Date of Award

2019

Degree Type

Thesis

Degree Name

Master of Science in Electrical Engineering (MSEE)

Department

Electrical, Computer, and Biomedical Engineering

First Advisor

Kunal Mankodiya

Abstract

Parkinson’s disease (PD, Parkinson’s) is a common neurodegenerative disease affecting over 10 million individuals worldwide. Its main marker is the loss of dopamine-producing neurons in the substantia nigra, an area of the midbrain. The root cause of PD is currently unknown. Besides, the disease is progressive, and the symptoms worsen as the ones affected grow older. Motor symptoms such as tremors, slowness of movement, and muscular rigidity, along with other non-motor ones, such as trouble with sleep, may occur. The current solutions for PD are medication and, in cases when the disease does not respond to it as much as one would like, a surgical procedure called Deep Brain Stimulation (DBS) as an alternative. Although they don’t suppress or reverse the neurological damage, these solutions do help alleviate the symptoms. For proper dosage of medication and/or calibration of DBS, PD patients go through a screening process during which the progression of the disease is assessed. This process comes, unfortunately, with hurdles. These include the need for doctor visits for a person dealing with several symptoms, and the suboptimal screening frequency given the progressive nature of Parkinson’s.

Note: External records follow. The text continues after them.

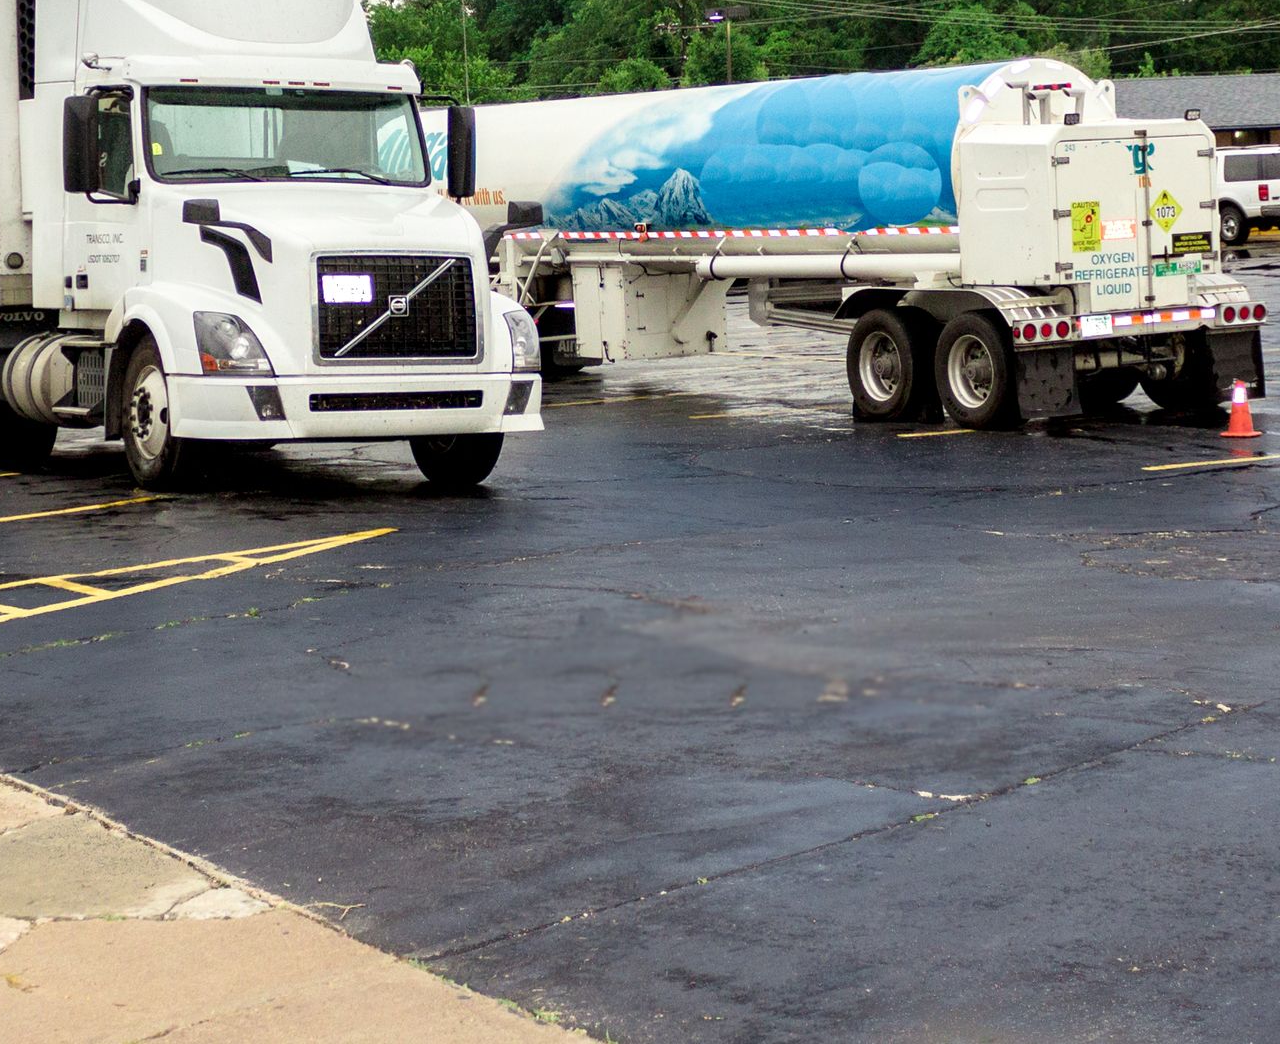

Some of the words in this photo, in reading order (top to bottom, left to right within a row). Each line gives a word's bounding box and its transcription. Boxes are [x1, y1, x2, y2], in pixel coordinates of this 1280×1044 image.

[474, 188, 491, 205] with
[1072, 201, 1100, 209] CAUTION
[1157, 206, 1176, 218] 1073
[1091, 253, 1135, 265] OXYGEN
[1075, 266, 1155, 281] REFRIGERATED
[1097, 283, 1132, 295] LIQUID
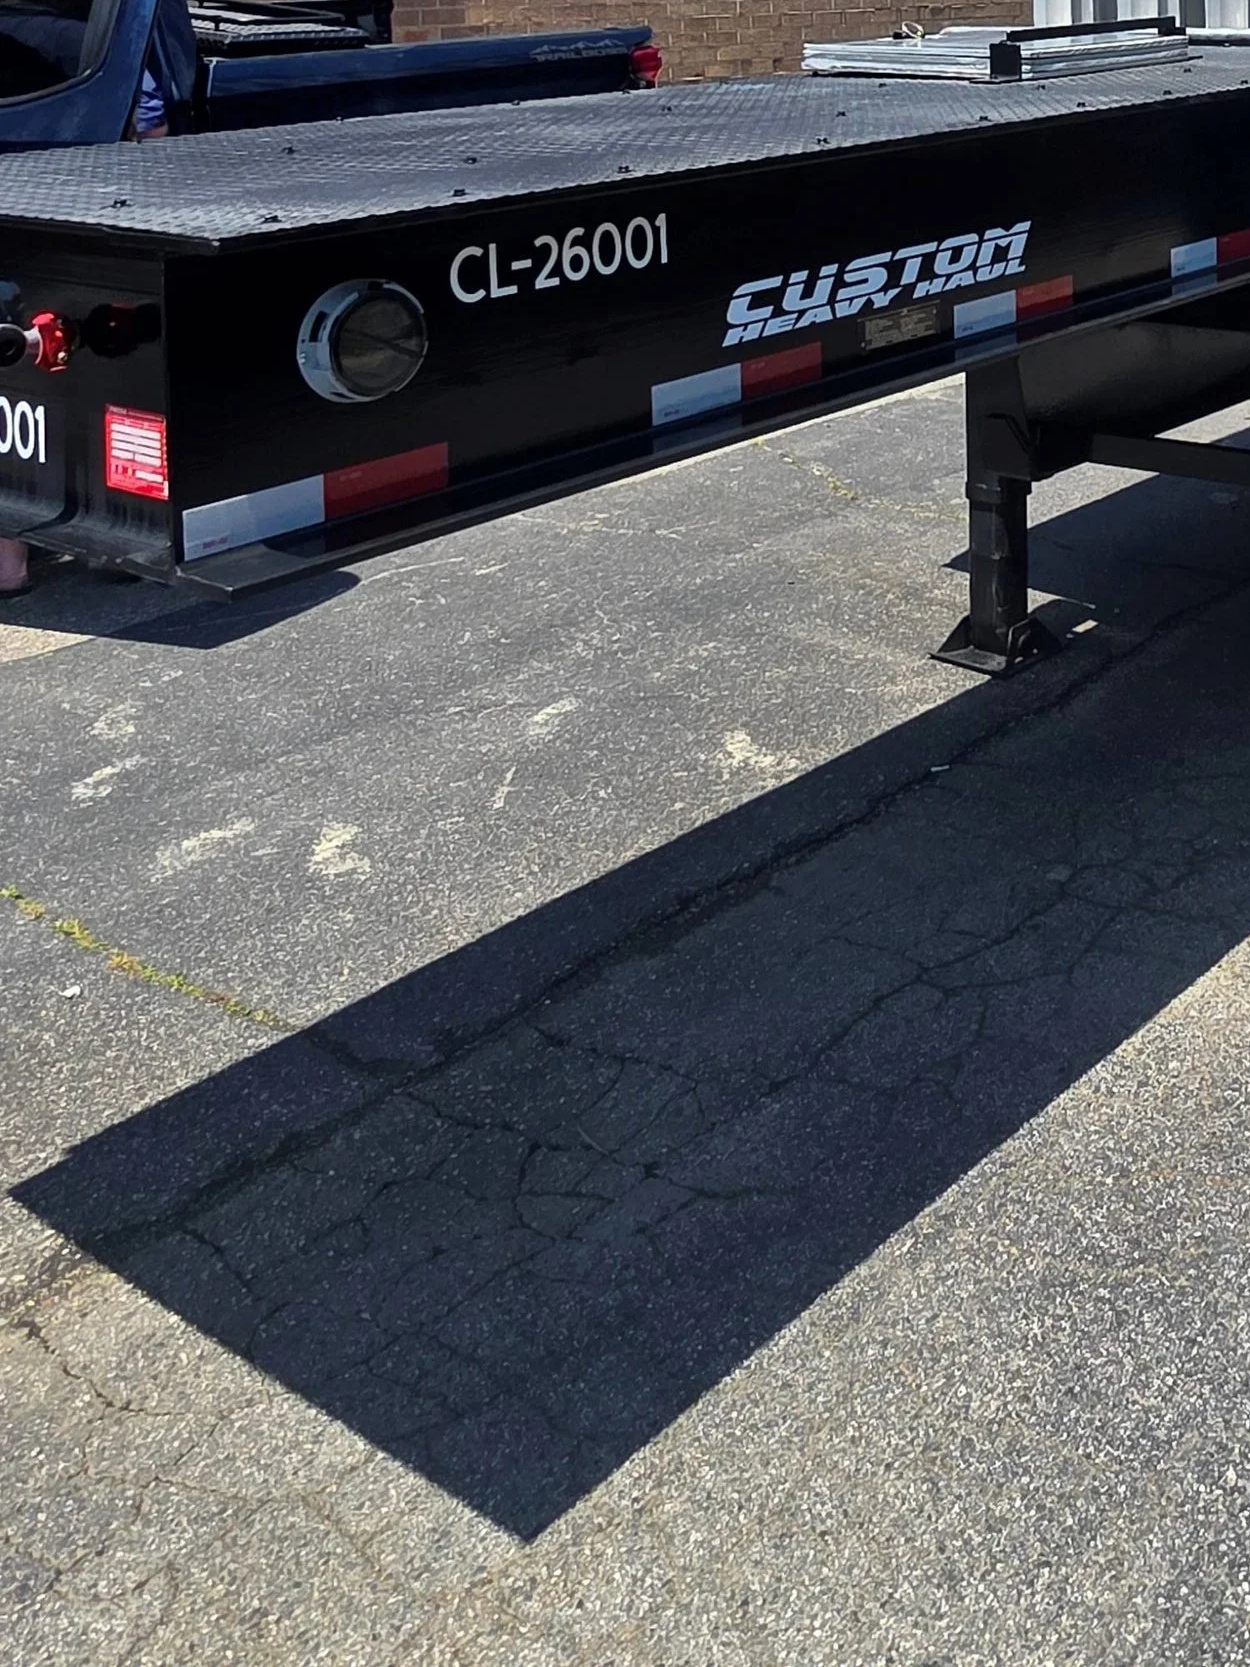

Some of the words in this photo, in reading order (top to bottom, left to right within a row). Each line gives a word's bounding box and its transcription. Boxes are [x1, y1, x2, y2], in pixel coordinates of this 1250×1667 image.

[450, 213, 668, 303] CL-26001
[721, 286, 903, 348] HEAVY
[912, 256, 1027, 299] HAUL
[726, 220, 1032, 326] CUSTOM

The rise of IoT and the field of Analytics has unlocked new and technology-inclusive means of managing healthcare. With the vast amounts of data spawning from countless sources, along with the advances in communication technologies, it might not come so much as a surprise that Data is at the center of many sectors today. From everyday devices such as watches or smartphones, sensor have become increasingly common due to their smaller size over the years, as well as becoming less expensive. It naturally comes from this fact, then, that many opportunities to make improvements centered around these technological advancements are arising. One of those being in biomedical engineering, where the ubiquity of sensors has improved many facets of how we are able to understand the human body. Parkinson’s Disease management is an area that could greatly benefit from it, and this section will present some possible solutions in the specific applications of PD monitoring and diagnosis. Using physiological sensors and remote-management architectures, can we improve the management of the disease?

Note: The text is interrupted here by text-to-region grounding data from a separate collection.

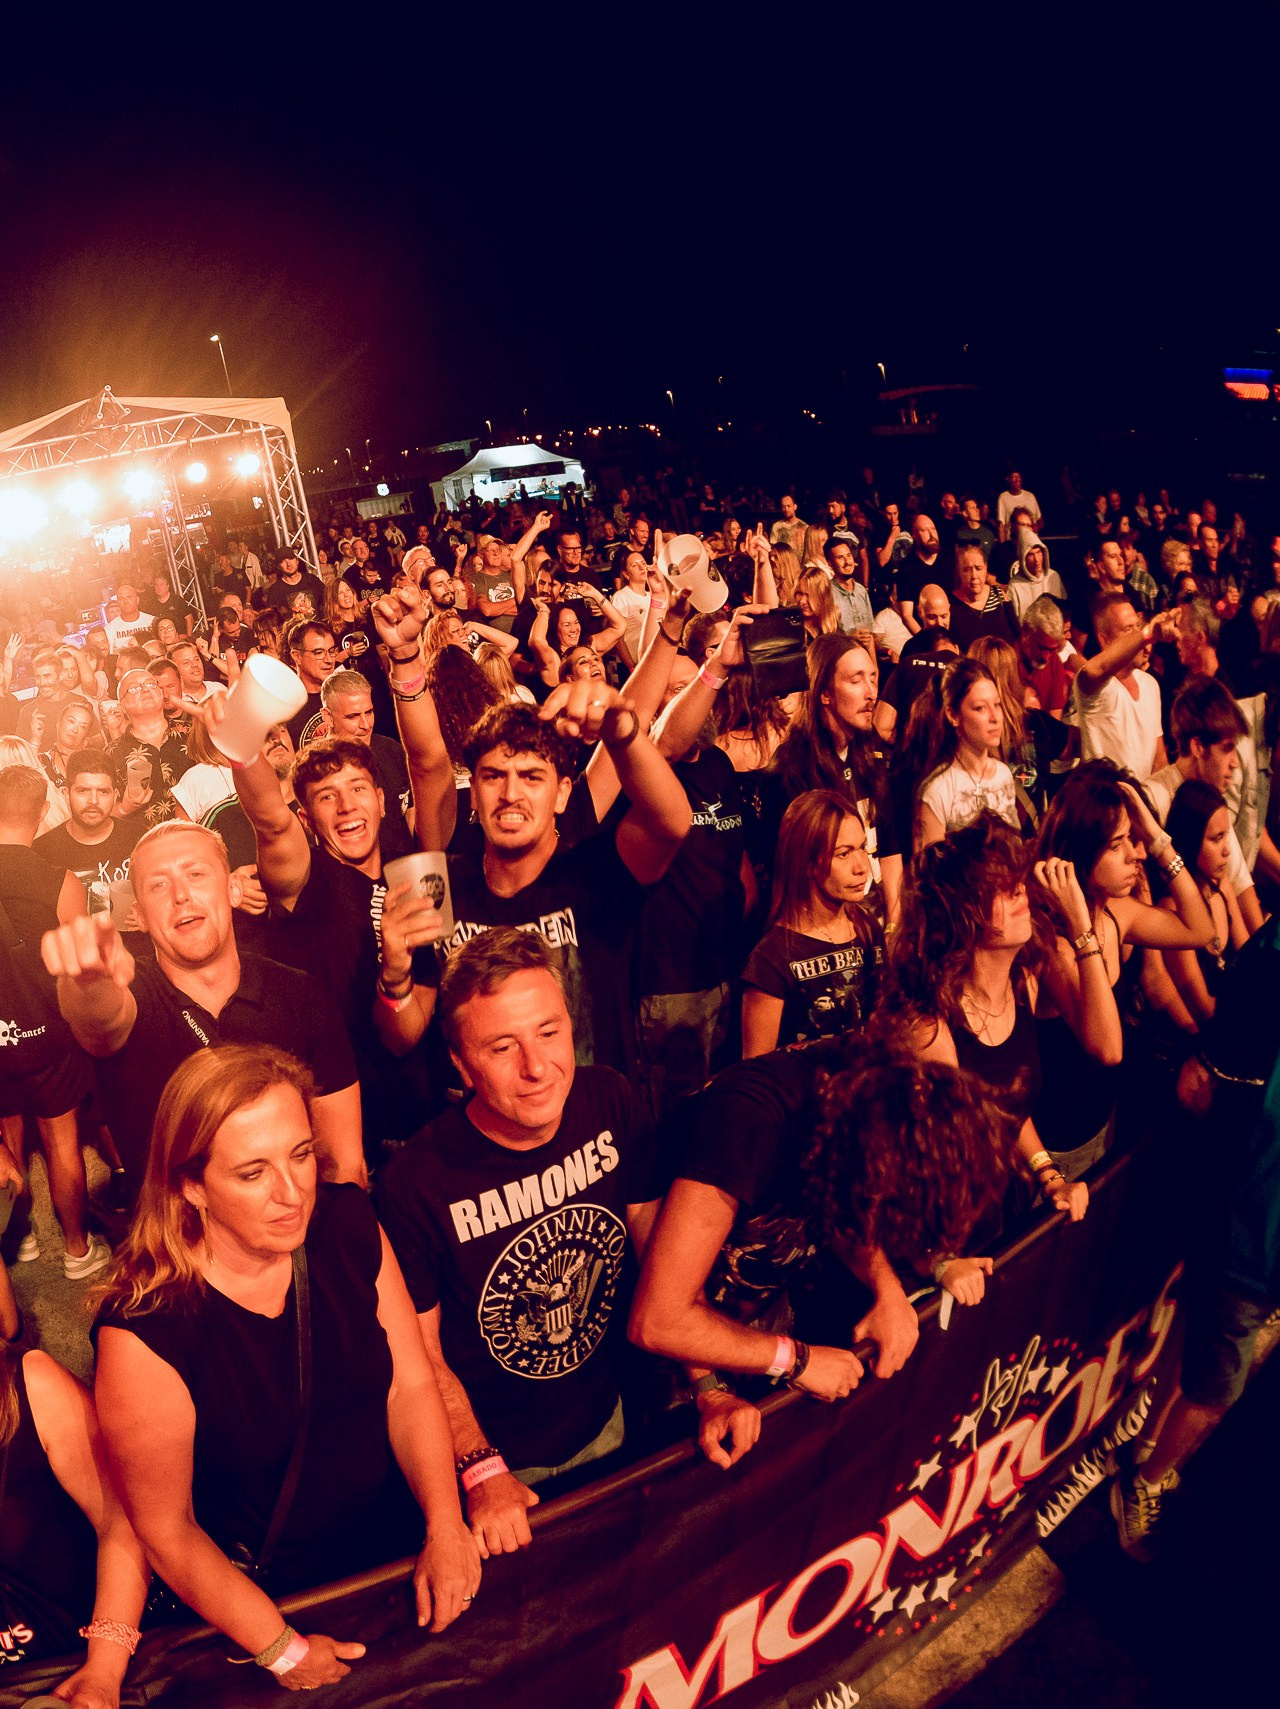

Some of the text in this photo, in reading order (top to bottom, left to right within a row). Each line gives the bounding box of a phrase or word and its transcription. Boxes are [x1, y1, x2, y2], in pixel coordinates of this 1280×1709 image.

[793, 956, 831, 979] THE
[13, 1025, 46, 1039] Cancer
[449, 1130, 620, 1244] RAMONES
[505, 1209, 602, 1274] JOHNNY
[483, 1285, 519, 1366] TOMMY

This thesis was written based on a study in which we recruited 2 healthy participants, and 4 PD patients. Data from UPDRS-III movements was collected with electronic textiles (e-textiles), then processed using time, frequency, and time-frequency domain methods to obtain relevant features, as hallmarks of Parkinson’s. These features were then used in MATLAB’s Classification Learner to build a binary-classification model for each UPDRS task to distinguish between PD and non-PD. These models yielded accuracies ranging from 81.0% to 99.3%.